Penelope Sherman olhou para sua irmã Posy, que sorriu maliciosamente enquanto segurava o vestido.
"É isso, ou você não vai", disse Posy com uma falsa doçura.
Penelope sabia exatamente o que estava acontecendo. Mais uma humilhação. Mais um jogo cruel.
Taylor, a irmã do meio, explodiu: "Posy, isso é ridículo. Ela não pode usar isso."
Posy ficou fria.
"Mamãe me obrigou a trazer vocês duas para o meu evento. Minha carreira. Meus contatos. Se a Penelope quiser ir, ela vai usar o que eu escolhi ou fica em casa. E tire esses brincos", continuou ela, apontando para os delicados brincos de Penelope. "E essa maquiagem. Muito chamativa para alguém que é só um acompanhante."

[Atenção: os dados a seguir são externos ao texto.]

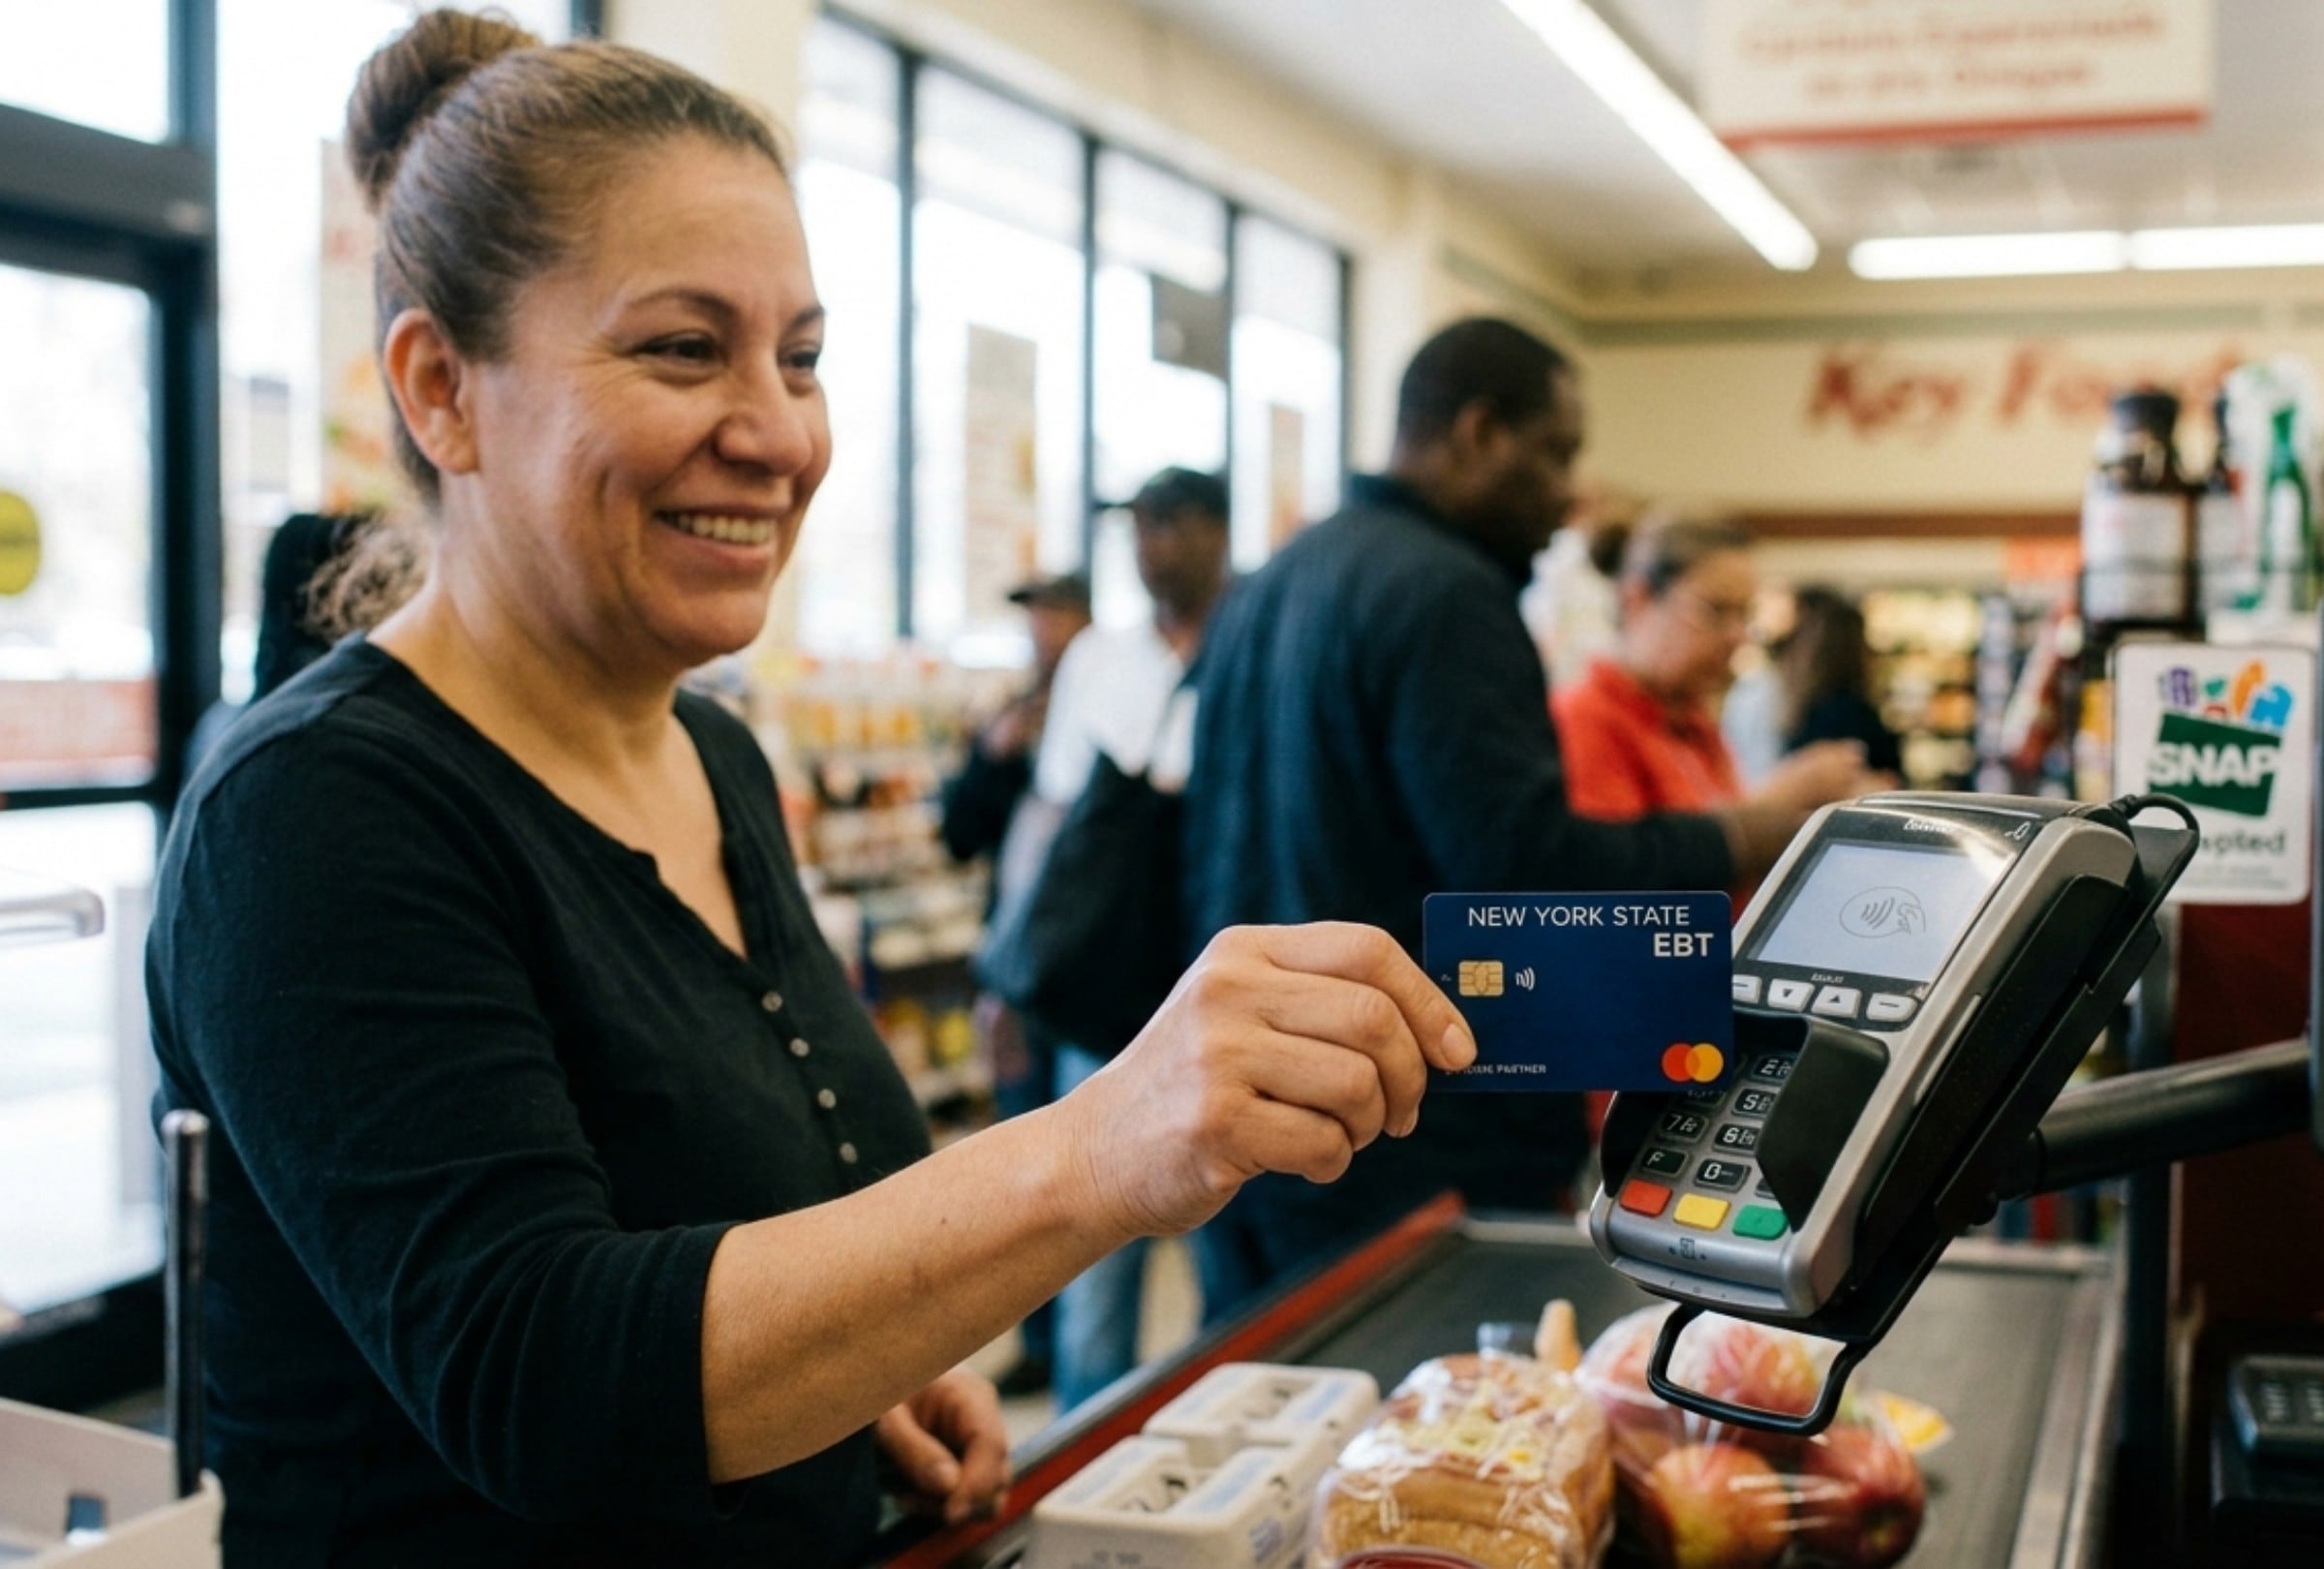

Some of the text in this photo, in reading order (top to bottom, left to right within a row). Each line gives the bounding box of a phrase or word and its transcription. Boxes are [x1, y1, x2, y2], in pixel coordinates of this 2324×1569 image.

[2150, 743, 2278, 787] SNAP
[1468, 906, 1690, 926] NEW YORK STATE
[1654, 933, 1714, 957] EBT

Taylor estava furiosa, mas Penelope tocou seu braço.
"Está tudo bem."
Mas quando sua irmã a humilhou na festa na frente de todos, dizendo que ninguém a queria, não estava nada bem.
O que Posy não sabia era que Scott Ferrari, o homem por quem sempre fora apaixonada, estava observando tudo. Ele amava vingança quase tanto quanto amava mulheres genuínas em vestidos simples.

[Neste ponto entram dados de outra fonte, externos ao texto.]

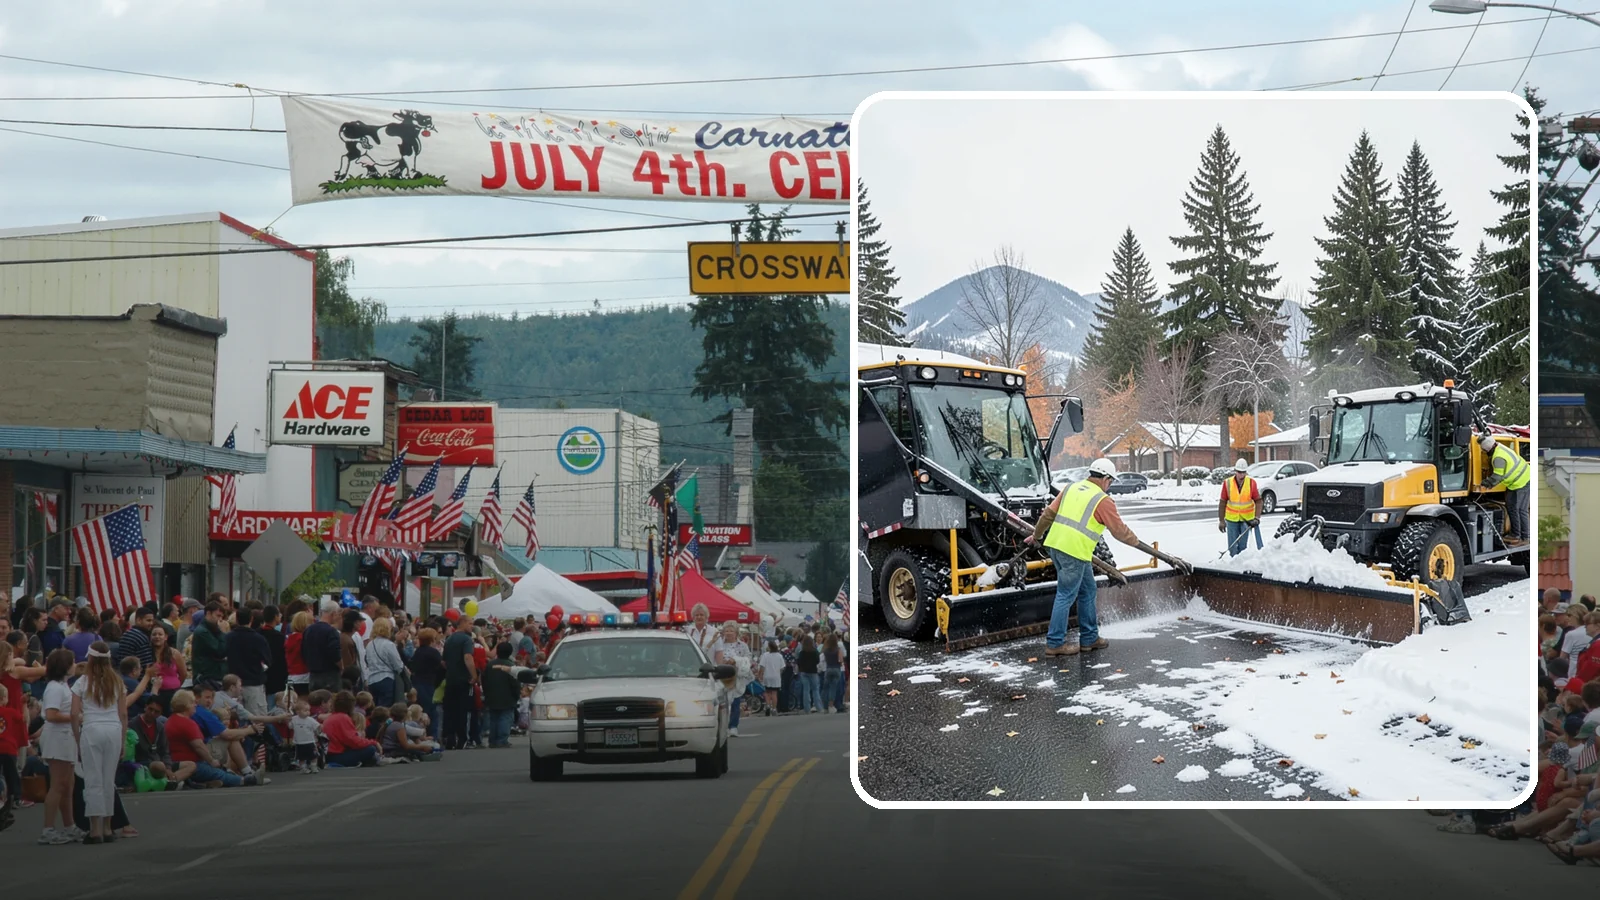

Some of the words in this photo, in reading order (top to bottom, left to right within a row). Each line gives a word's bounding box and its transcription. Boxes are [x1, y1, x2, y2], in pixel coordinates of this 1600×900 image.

[695, 121, 850, 149] Carnat
[481, 141, 605, 193] JULY
[632, 149, 746, 198] 4th.
[697, 254, 850, 280] CROSSWA
[282, 380, 374, 420] ACE
[406, 409, 452, 422] CEDAR
[461, 409, 485, 422] LOG
[283, 421, 371, 437] Hardware
[353, 467, 384, 480] Simpl
[83, 485, 94, 495] St.
[96, 485, 124, 495] Vincent
[126, 486, 135, 495] de
[137, 486, 155, 495] Paul
[81, 503, 153, 522] THRT
[212, 516, 330, 535] HARDARE
[688, 526, 741, 535] CRNATION
[699, 535, 730, 543] GLASS

Então, a noite estava prestes a ficar interessante.
Se humilhar era o jogo de Posy, então esta noite ela poderia ter feito a jogada errada.
Penelope tinha 16 anos quando percebeu que sua irmã a odiava, e a descoberta aconteceu da maneira mais cruel possível: com o capitão do time de futebol americano a convidando para o baile de formatura enquanto Posy assistia a toda a cena da porta do quarto de Penelope.
O nome do garoto era Brandon. Ele tinha olhos azuis que brilhavam quando sorria, e Penelope não fazia ideia de que Posy havia passado os últimos três meses flertando com ele em todos os eventos sociais da cidade, que era pequena demais para segredos de verdade.
Quando Penelope recusou o convite de Brandon com toda a delicadeza que uma adolescente insegura conseguia reunir, dizendo que tinha muito o que estudar para pensar no baile, Posy ainda a olhou como se tivesse arrancado algo vital do seu peito e pisoteado na frente de todos que conheciam.
Posy não disse nada naquele dia, mas a forma como bateu a porta do próprio quarto e passou três semanas ignorando Penelope disse tudo o que Penelope precisava entender sobre o relacionamento delas dali em diante.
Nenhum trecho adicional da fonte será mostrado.